# [Work task]
Nothing but the pictures should be dropped when the records are transcribed word for word.

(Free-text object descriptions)

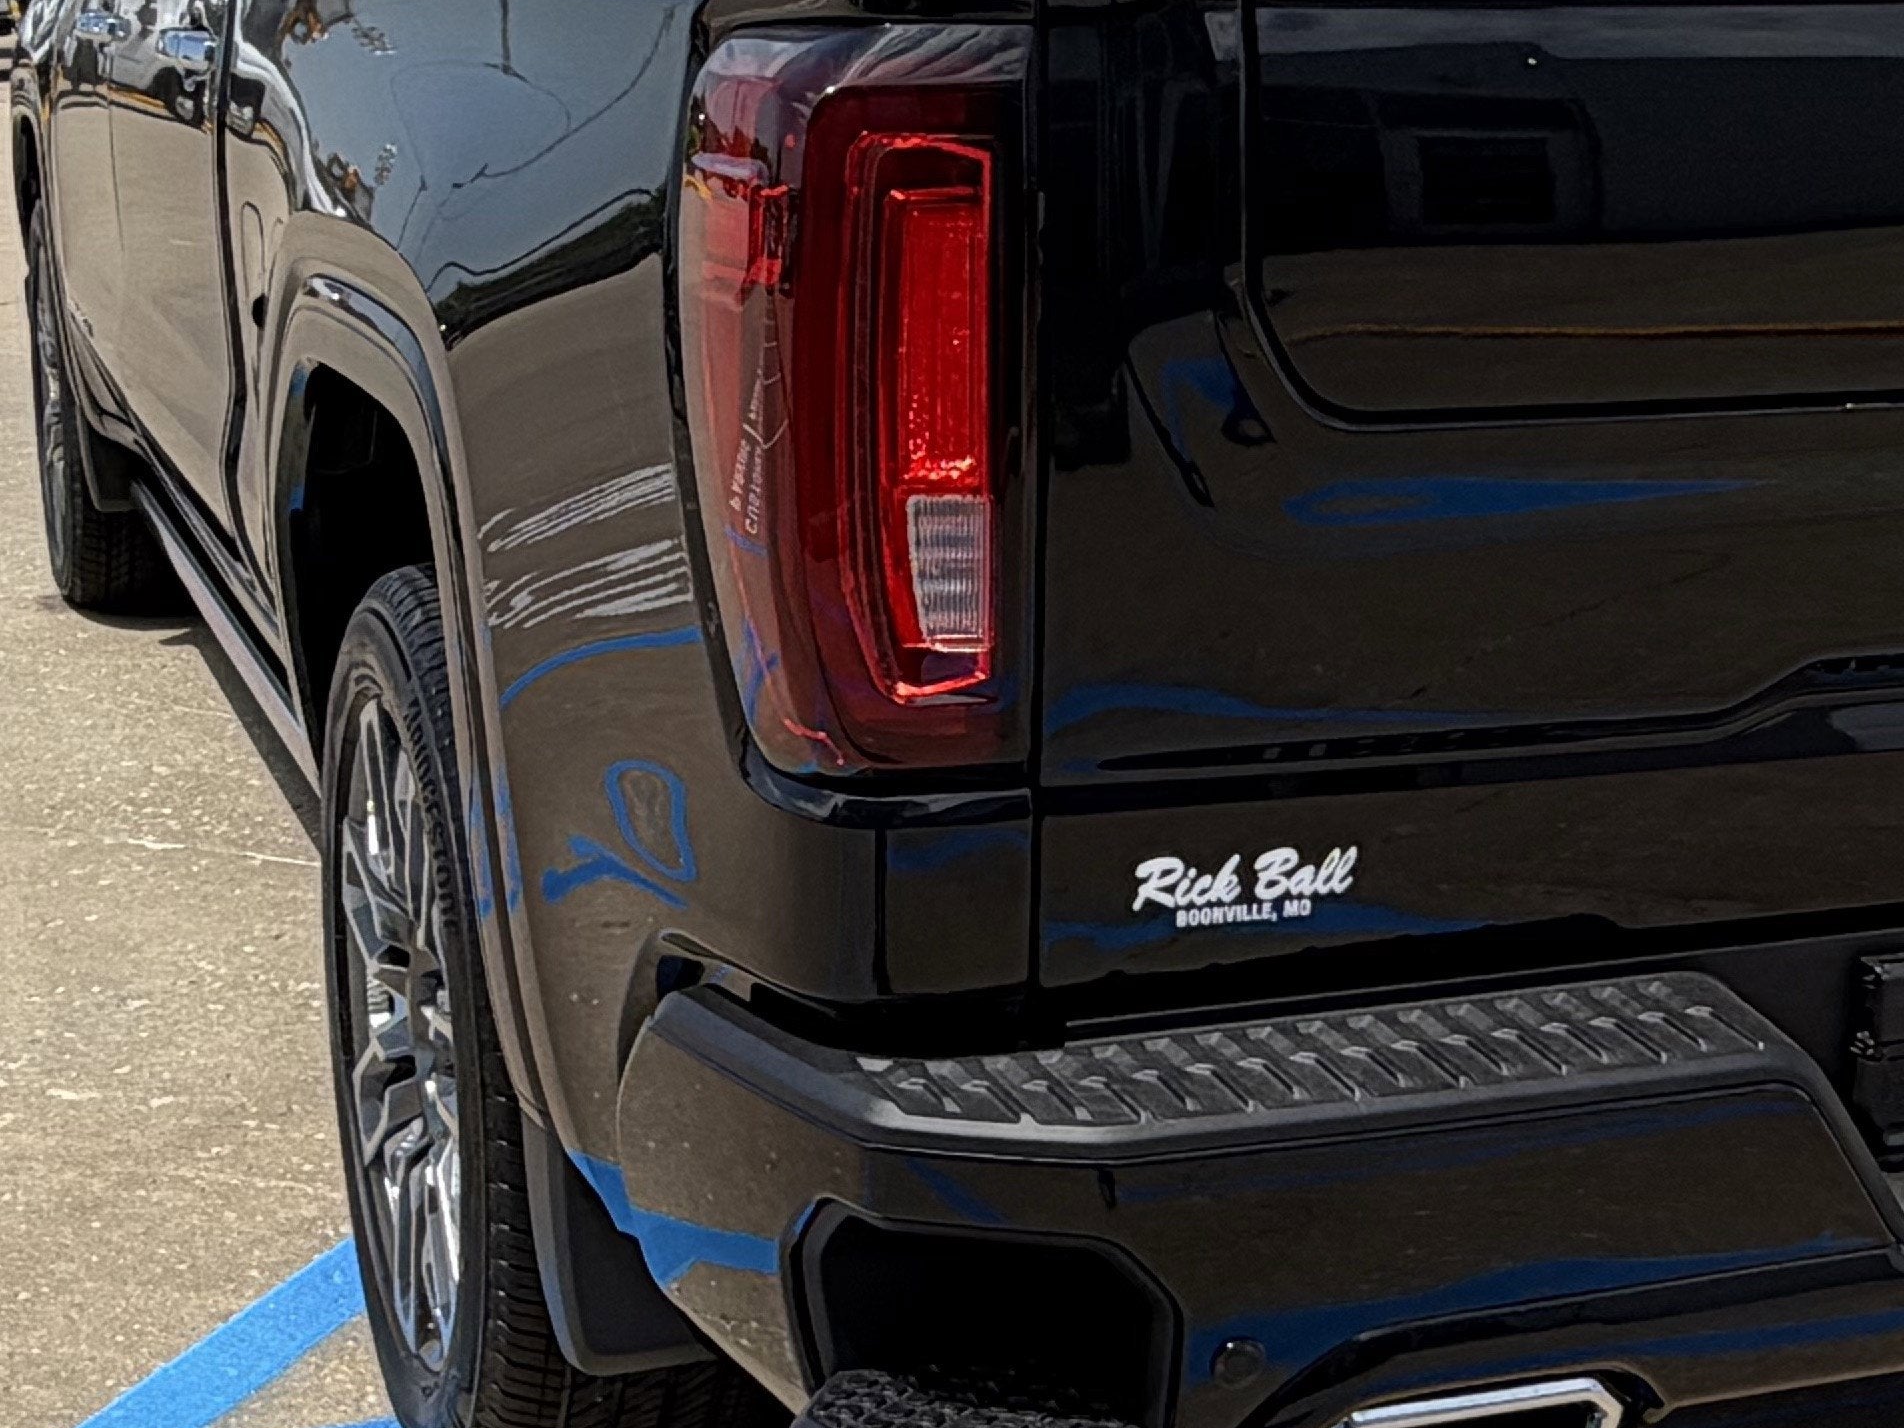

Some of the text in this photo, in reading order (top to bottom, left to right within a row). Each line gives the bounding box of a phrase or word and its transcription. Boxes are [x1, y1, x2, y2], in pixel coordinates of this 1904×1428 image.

[1132, 845, 1358, 912] Rick Ball
[1175, 899, 1312, 928] BOONVILLE, MO
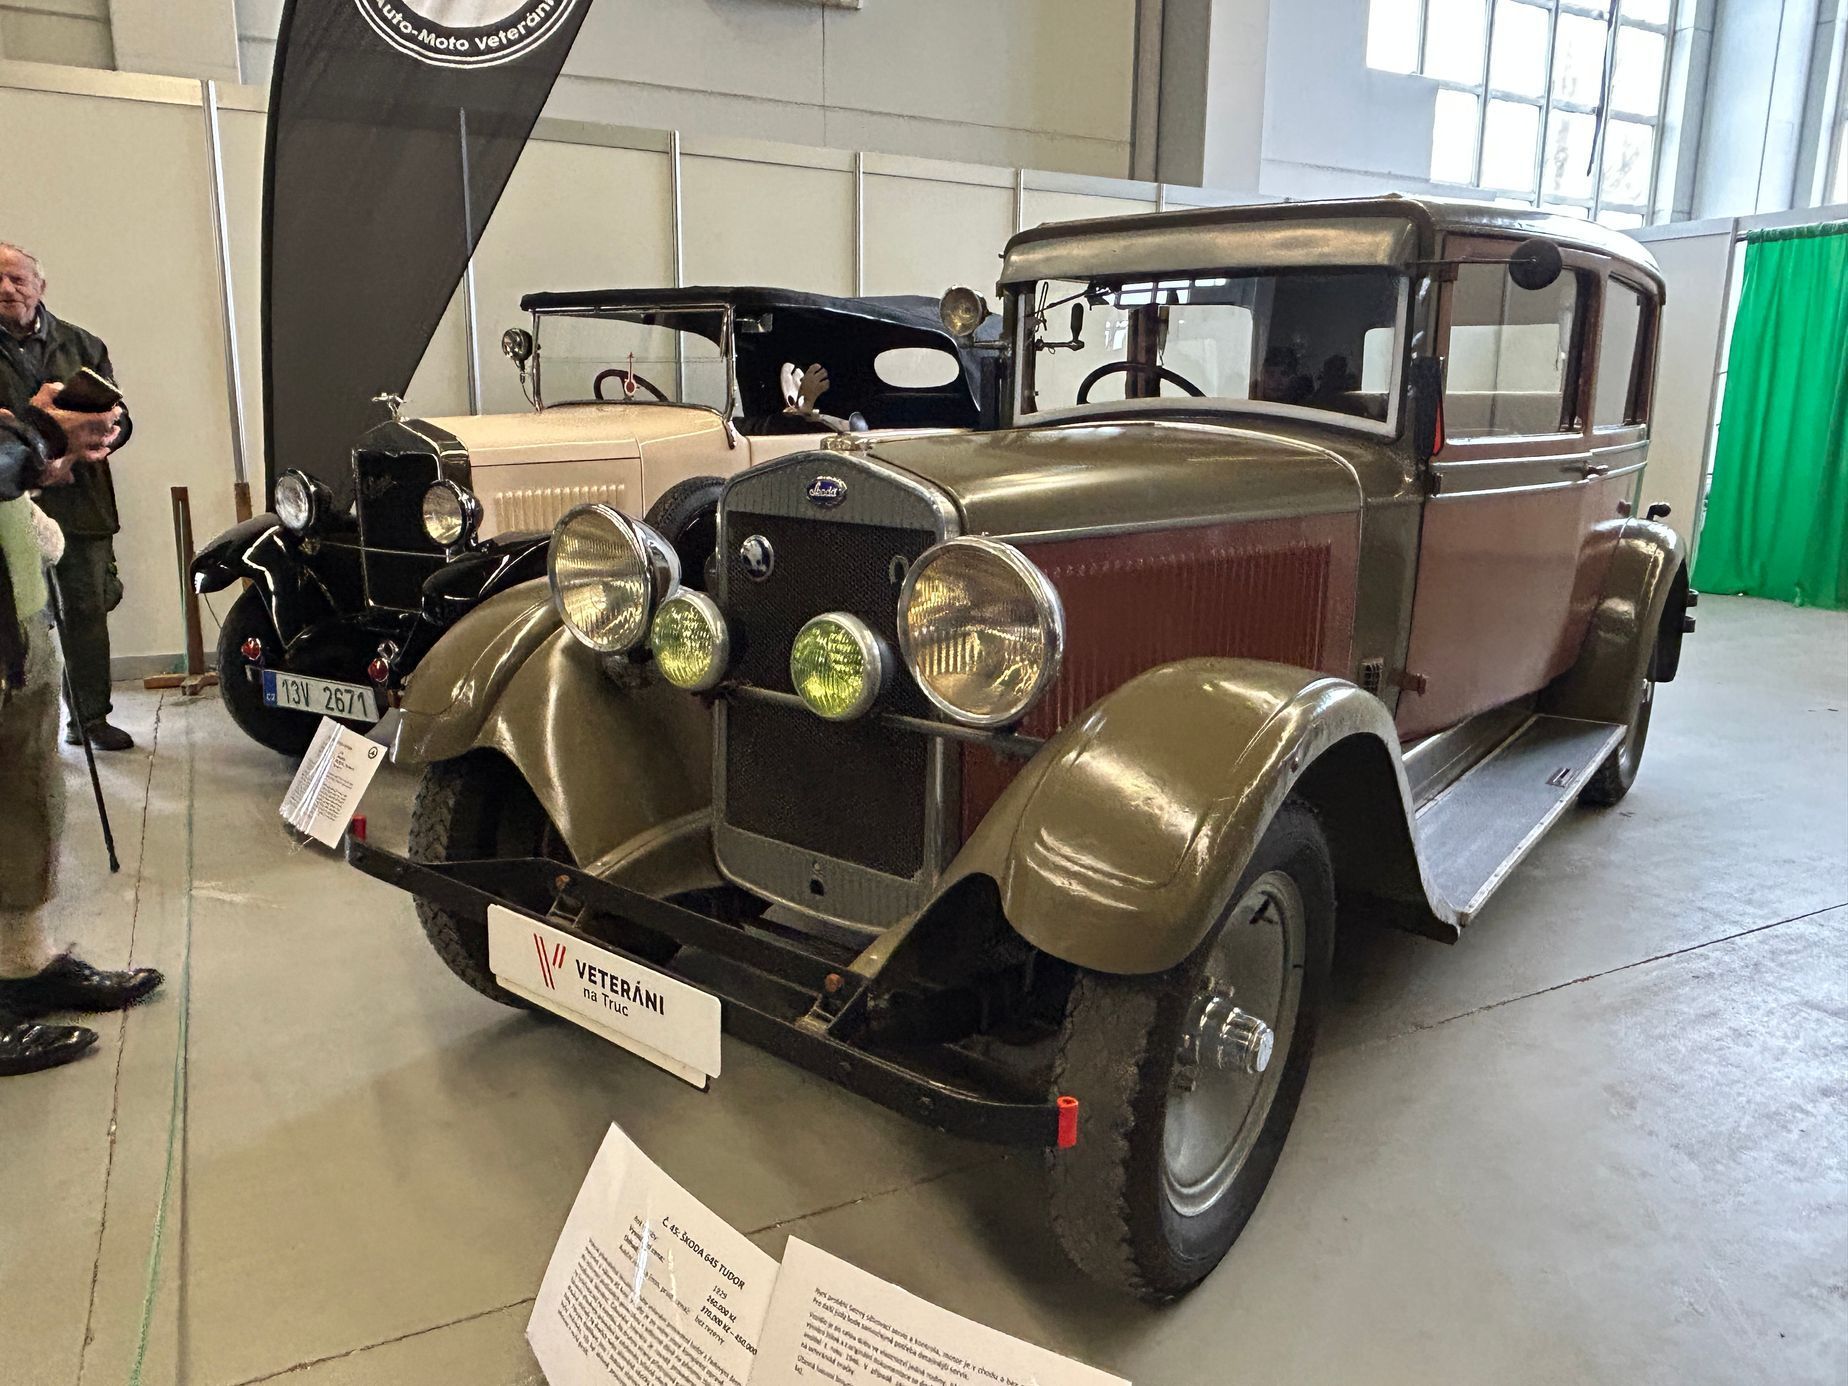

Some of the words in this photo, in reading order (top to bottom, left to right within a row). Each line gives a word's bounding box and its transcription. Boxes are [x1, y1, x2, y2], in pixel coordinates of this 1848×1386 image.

[282, 679, 310, 708] 13V
[323, 685, 368, 718] 2671
[575, 959, 665, 1016] VETERÁNI
[583, 986, 598, 1003] na
[601, 993, 629, 1017] Truc
[680, 1231, 704, 1258] ŠKODA
[703, 1252, 719, 1269] 645
[718, 1263, 746, 1291] TUDOR
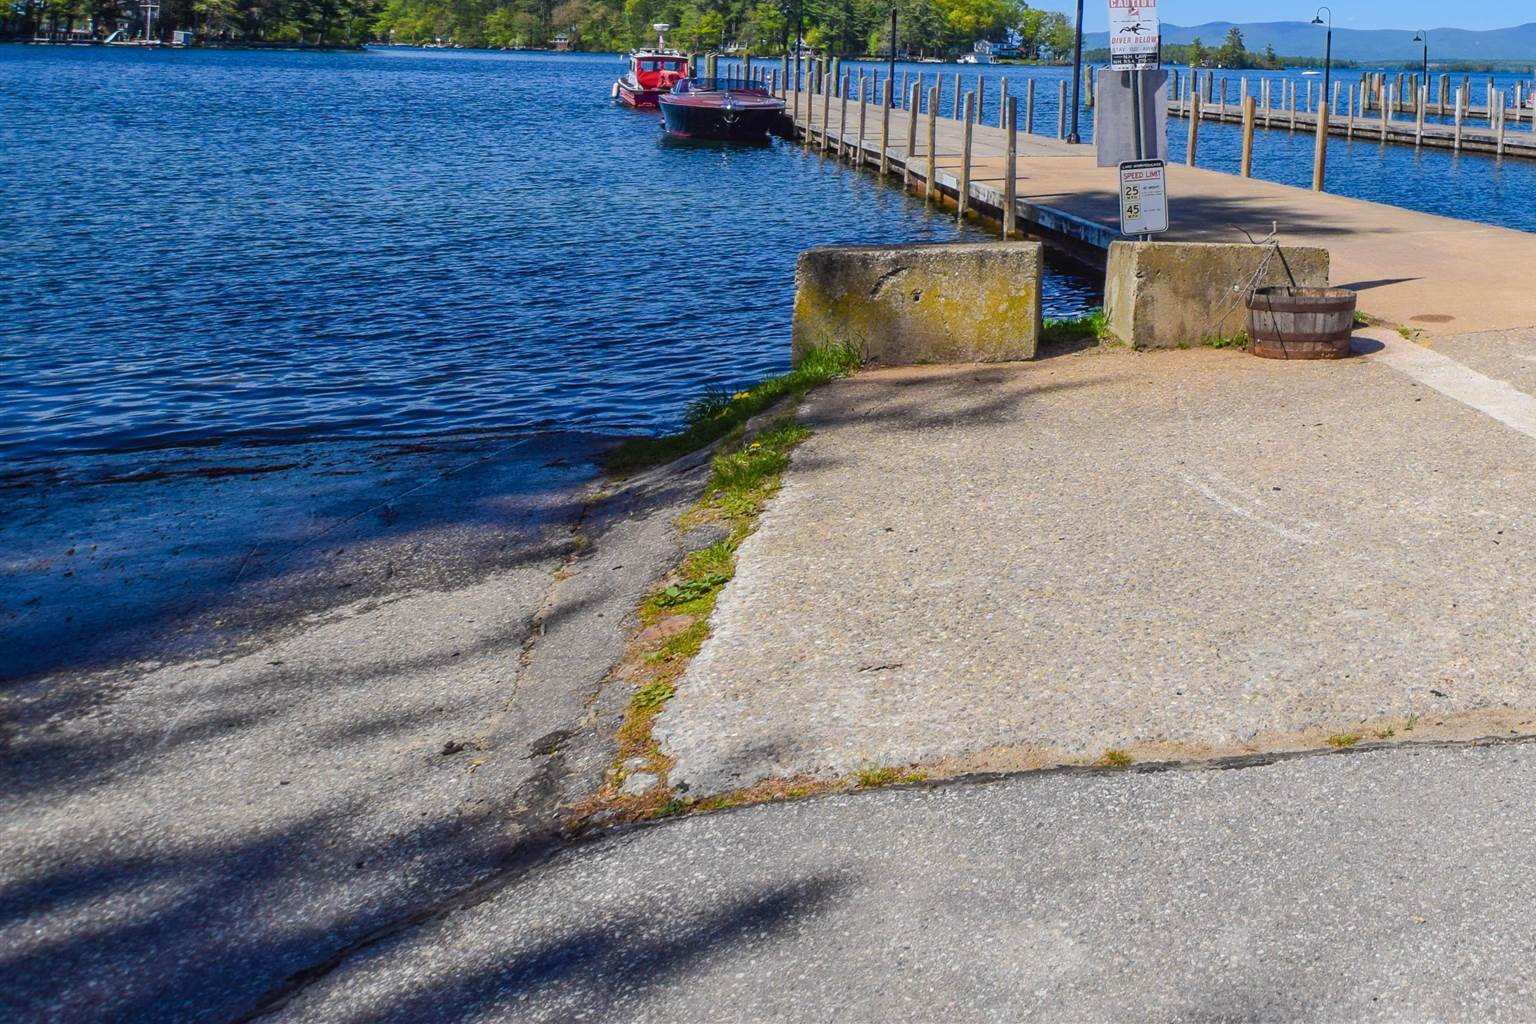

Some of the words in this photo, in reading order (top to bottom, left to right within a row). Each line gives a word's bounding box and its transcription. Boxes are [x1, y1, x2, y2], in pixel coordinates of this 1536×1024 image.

[1112, 37, 1132, 45] DIVER
[1135, 35, 1158, 44] BELOW
[1146, 170, 1161, 178] LIMIT
[1125, 186, 1139, 195] 25
[1127, 205, 1139, 214] 45
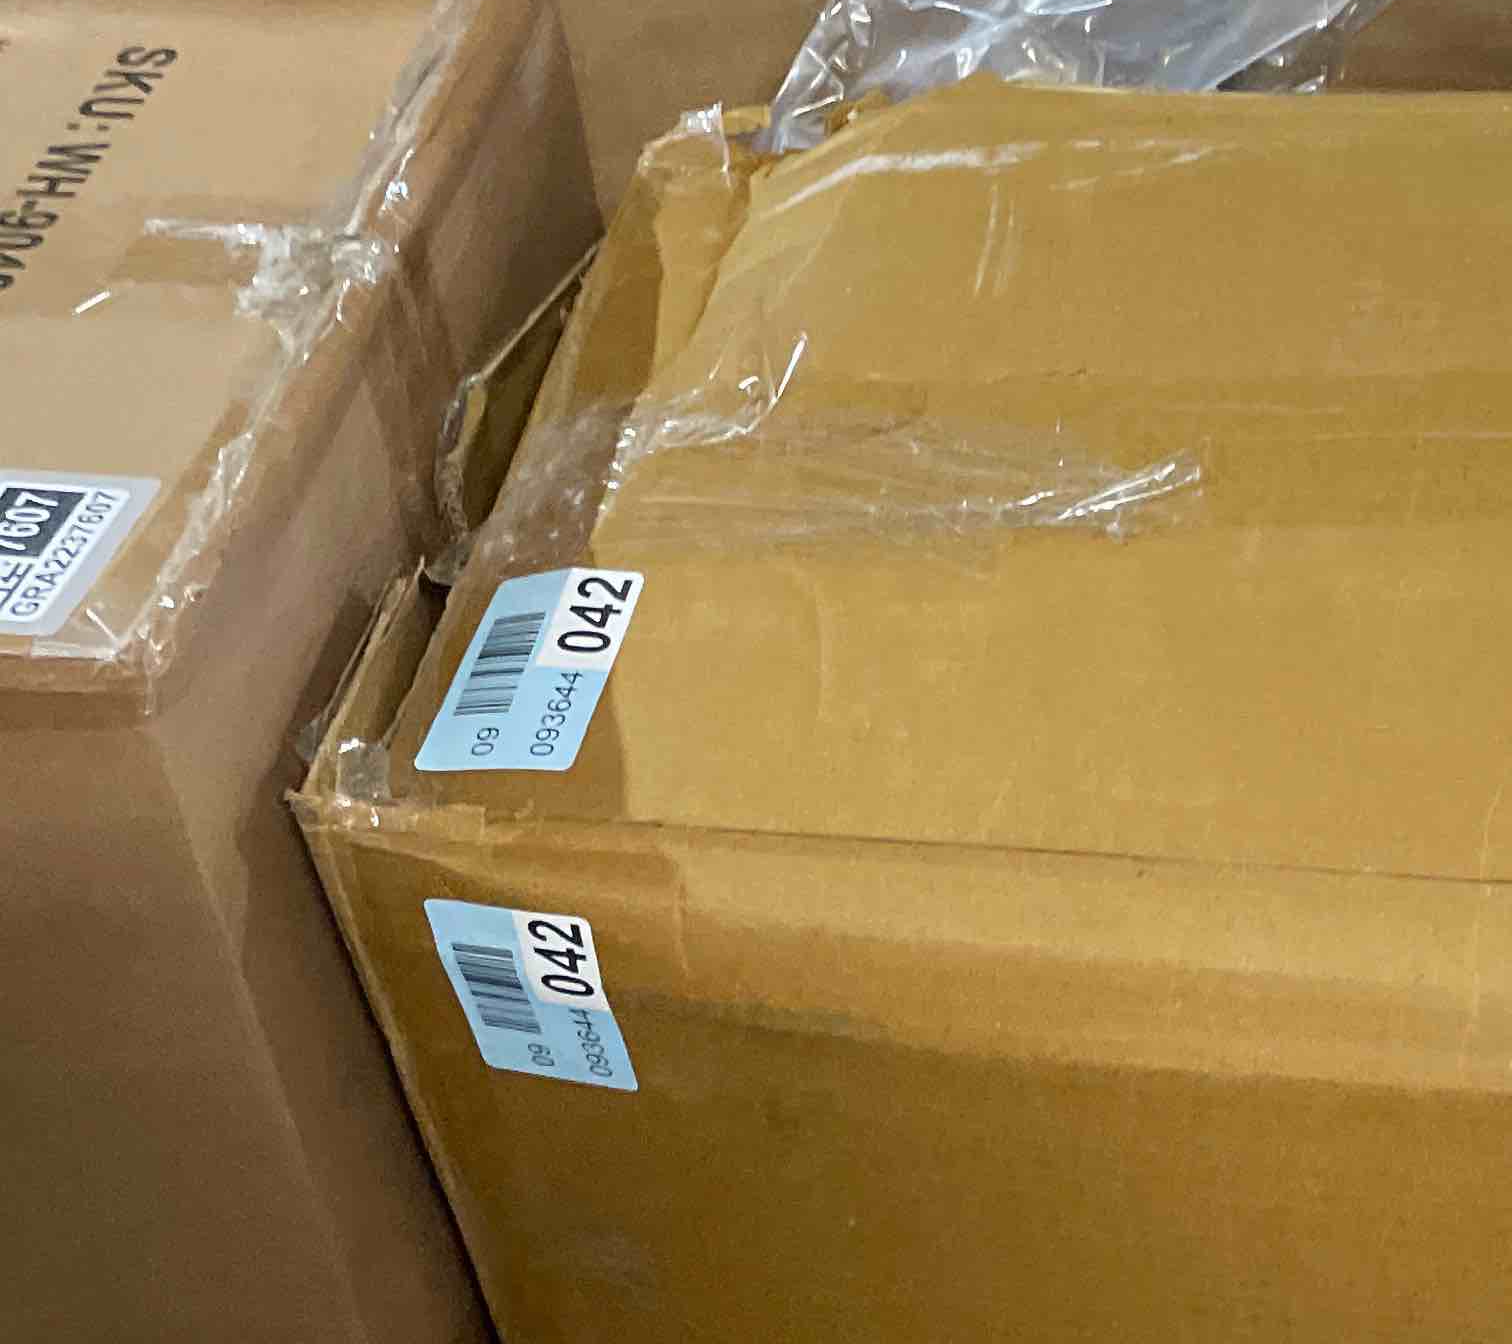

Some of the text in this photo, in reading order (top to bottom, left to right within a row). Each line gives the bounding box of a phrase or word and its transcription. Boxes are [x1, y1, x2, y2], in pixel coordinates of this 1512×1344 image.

# [Result of the exercise]
Some of the text in this photo, in reading order (top to bottom, left to right within a row). Each line gives the bounding box of a phrase or word and its transcription. Boxes are [x1, y1, x2, y2], in pixel coordinates of this 1904×1428 image.

[1132, 845, 1358, 912] Rick Ball
[1175, 899, 1312, 928] BOONVILLE, MO

Some of the words in this photo, in reading order (top to bottom, left to right within a row). Each line gives a word's bounding box and its transcription. Boxes are [x1, y1, x2, y2], in pixel coordinates of this 1848×1386 image.

[282, 679, 310, 708] 13V
[323, 685, 368, 718] 2671
[575, 959, 665, 1016] VETERÁNI
[583, 986, 598, 1003] na
[601, 993, 629, 1017] Truc
[680, 1231, 704, 1258] ŠKODA
[703, 1252, 719, 1269] 645
[718, 1263, 746, 1291] TUDOR

Some of the words in this photo, in reading order (top to bottom, left to right within a row). Each line gives a word's bounding box and its transcription. Boxes are [x1, y1, x2, y2], in pixel coordinates of this 1536×1024 image.

[1112, 37, 1132, 45] DIVER
[1135, 35, 1158, 44] BELOW
[1146, 170, 1161, 178] LIMIT
[1125, 186, 1139, 195] 25
[1127, 205, 1139, 214] 45

Some of the text in this photo, in reading order (top to bottom, left to right within a row). Each line gives the bounding box of a phrase or word and its transcription. Boxes are [x1, y1, x2, y2], in pixel coordinates of this 1512×1344 image.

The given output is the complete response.